Approximation of epidemic models by diffusion processes and their statistical inference
Résumé
Among various mathematical frameworks, multidimensional continuous-time Markov jump processes $(Z_t)$ on $\N^d$ form a natural set-up for modeling $SIR$-like epidemics. In this study we extend the results of Ethier & Kurtz (05) on the approximation of density-dependent population processes by Gaussian and diffusion processes with small diffusion coefficient ($\frac{1}{\sqrt{N}}$, where $N$ is the population size) and use the later to provide good estimators of epidemic model parameters built on our previous study. The results of Guy et al. (12) on discretely observed diffusion processes with small diffusion coefficient are extended to time-dependent diffusions. Consistent and asymptotically Gaussian estimates are obtained for a fixed number $n$ of observations (which corresponds to the epidemic context) and for $N\rightarrow \infty$. We then propose a correction term, which yields better estimates non asymptotically. Finally, we use simulations of epidemics ($SIR$ and $SIRS$ models, corresponding to single and recurrent outbreaks, respectively) with different characteristics (variation of $R_0$, the basic reproduction number, $N$ and $n$) to assess the performances of the estimators.
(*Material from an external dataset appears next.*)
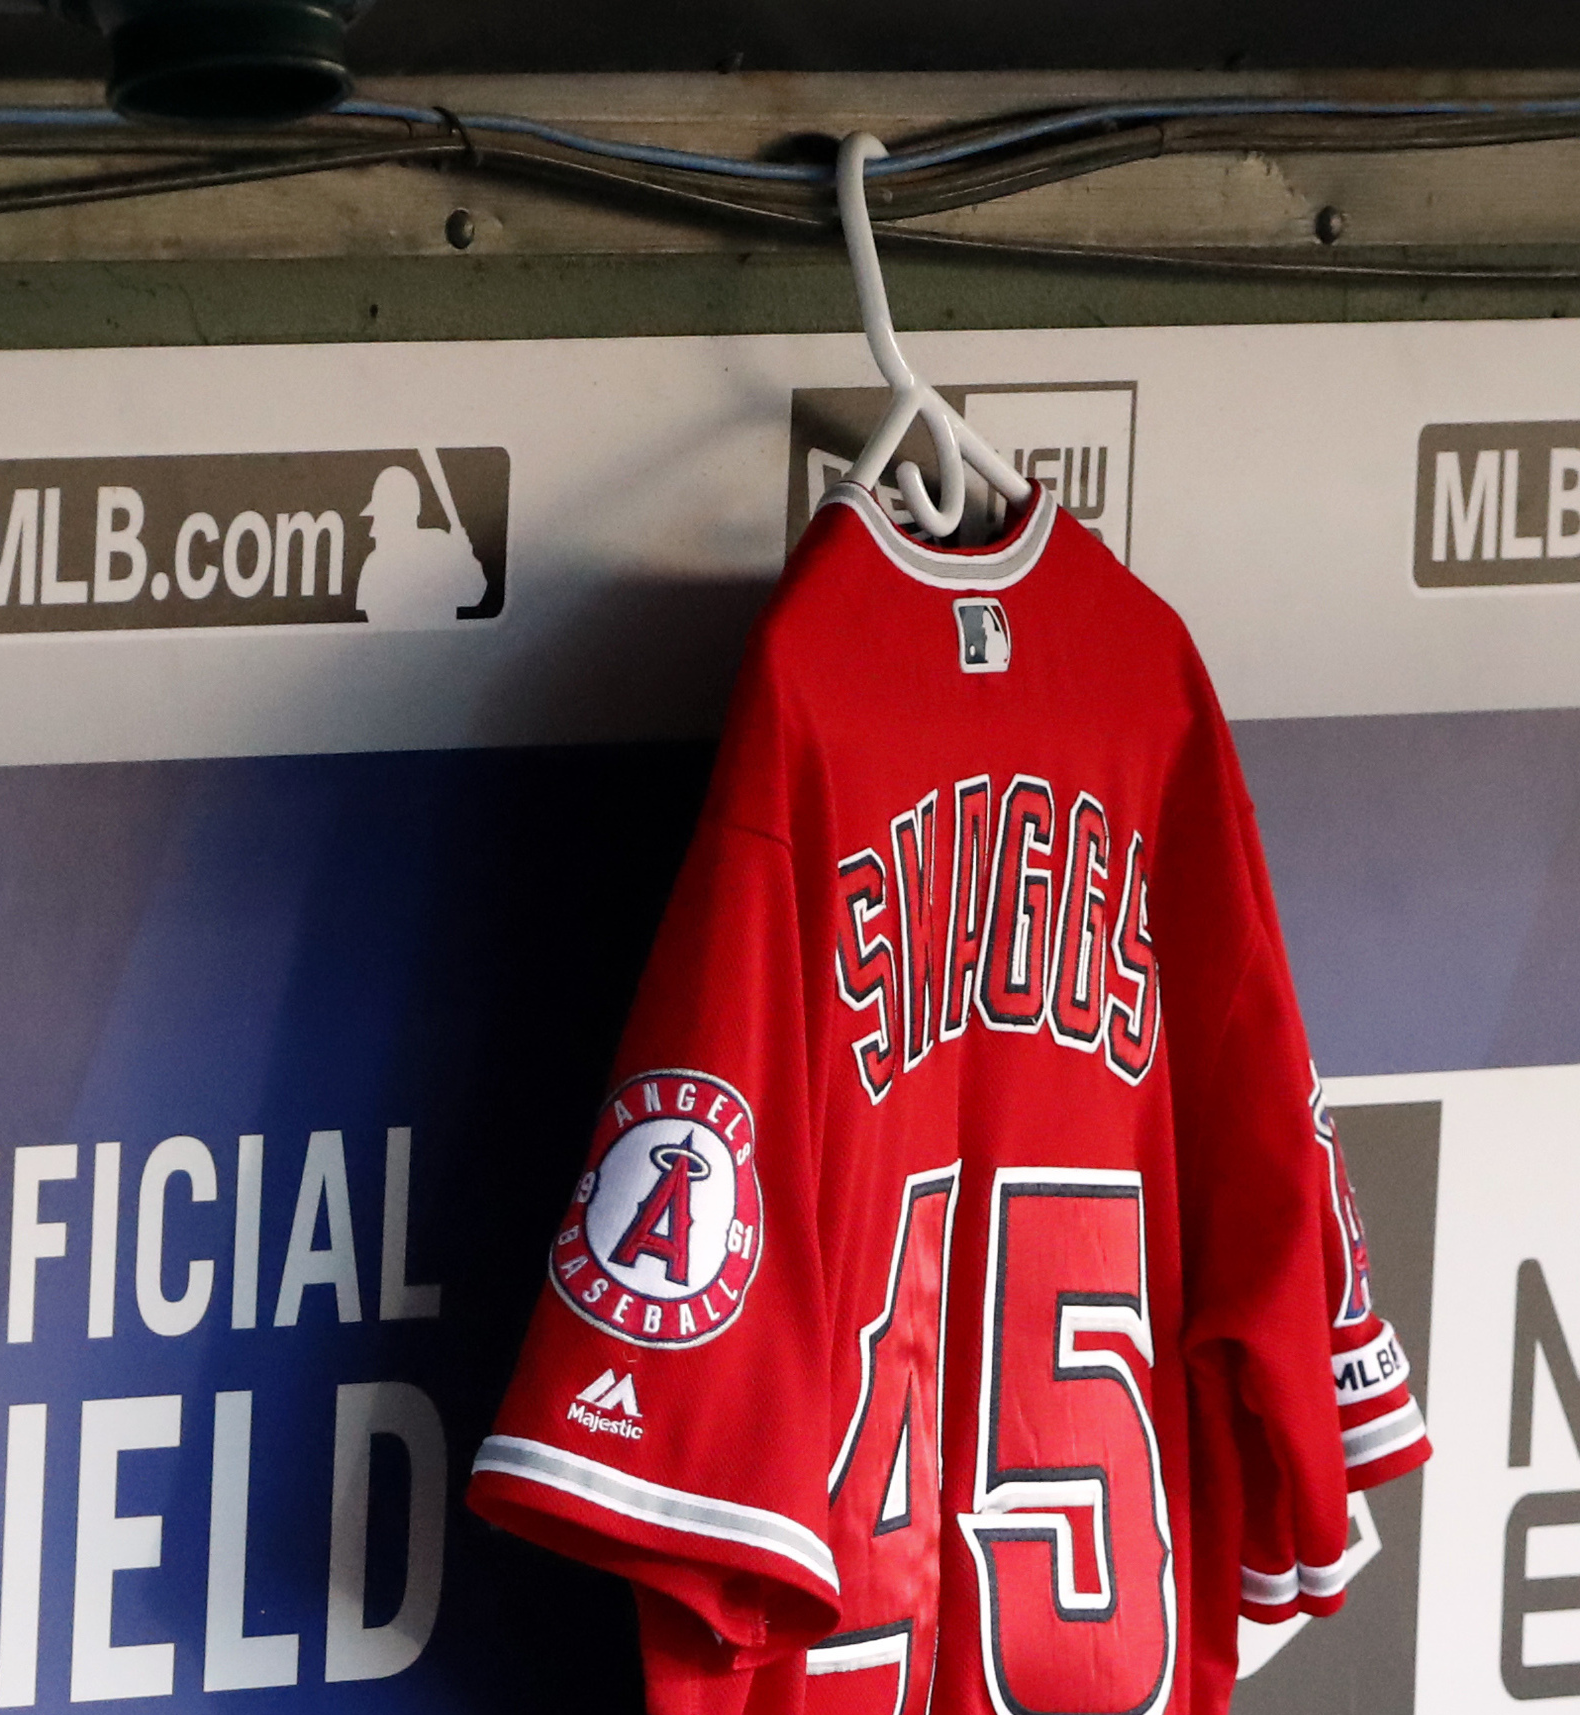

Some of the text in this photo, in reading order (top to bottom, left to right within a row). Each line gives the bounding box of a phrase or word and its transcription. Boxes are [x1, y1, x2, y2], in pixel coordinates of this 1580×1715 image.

[613, 1082, 753, 1167] ANGELS
[557, 1225, 739, 1336] BASEBALL
[566, 1401, 644, 1441] Majestic
We obtain that they have good asymptotic properties and behave noticeably well for realistic numbers of observations and population sizes. These findings lay the foundations of an inference method for partially observed epidemic data. Indeed, contrary to the majority of current inference techniques for partially observed processes, which necessitates computer intensive simulations, our method being mostly an analytical approach requires only the classical optimization steps.